The records that follow must be reproduced in full, exactly as written.

## Data supplied
________________________
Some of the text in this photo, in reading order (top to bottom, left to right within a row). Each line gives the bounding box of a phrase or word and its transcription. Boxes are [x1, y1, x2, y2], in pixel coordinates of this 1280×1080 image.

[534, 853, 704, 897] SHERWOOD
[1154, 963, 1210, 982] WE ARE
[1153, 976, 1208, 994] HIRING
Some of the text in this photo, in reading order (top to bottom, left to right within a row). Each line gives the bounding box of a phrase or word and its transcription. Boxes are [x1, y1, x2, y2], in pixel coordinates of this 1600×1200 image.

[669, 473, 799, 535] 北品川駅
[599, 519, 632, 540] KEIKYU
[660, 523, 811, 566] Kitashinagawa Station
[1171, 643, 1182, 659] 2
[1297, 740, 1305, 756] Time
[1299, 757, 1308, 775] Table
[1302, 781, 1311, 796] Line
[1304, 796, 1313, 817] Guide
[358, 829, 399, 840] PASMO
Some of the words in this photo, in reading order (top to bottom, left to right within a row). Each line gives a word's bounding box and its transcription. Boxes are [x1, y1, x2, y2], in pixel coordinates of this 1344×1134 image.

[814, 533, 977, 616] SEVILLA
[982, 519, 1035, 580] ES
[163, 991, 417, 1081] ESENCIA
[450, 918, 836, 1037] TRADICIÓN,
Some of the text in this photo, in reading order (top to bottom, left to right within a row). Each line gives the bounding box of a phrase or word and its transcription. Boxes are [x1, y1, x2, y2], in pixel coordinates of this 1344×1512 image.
________________________
## Reply to the exercise
Some of the text in this photo, in reading order (top to bottom, left to right within a row). Each line gives the bounding box of a phrase or word and its transcription. Boxes are [x1, y1, x2, y2], in pixel coordinates of this 1280×1080 image.

[534, 853, 704, 897] SHERWOOD
[1154, 963, 1210, 982] WE ARE
[1153, 976, 1208, 994] HIRING
Some of the text in this photo, in reading order (top to bottom, left to right within a row). Each line gives the bounding box of a phrase or word and its transcription. Boxes are [x1, y1, x2, y2], in pixel coordinates of this 1600×1200 image.

[669, 473, 799, 535] 北品川駅
[599, 519, 632, 540] KEIKYU
[660, 523, 811, 566] Kitashinagawa Station
[1171, 643, 1182, 659] 2
[1297, 740, 1305, 756] Time
[1299, 757, 1308, 775] Table
[1302, 781, 1311, 796] Line
[1304, 796, 1313, 817] Guide
[358, 829, 399, 840] PASMO
Some of the words in this photo, in reading order (top to bottom, left to right within a row). Each line gives a word's bounding box and its transcription. Boxes are [x1, y1, x2, y2], in pixel coordinates of this 1344×1134 image.

[814, 533, 977, 616] SEVILLA
[982, 519, 1035, 580] ES
[163, 991, 417, 1081] ESENCIA
[450, 918, 836, 1037] TRADICIÓN,
Some of the text in this photo, in reading order (top to bottom, left to right within a row). Each line gives the bounding box of a phrase or word and its transcription. Boxes are [x1, y1, x2, y2], in pixel coordinates of this 1344×1512 image.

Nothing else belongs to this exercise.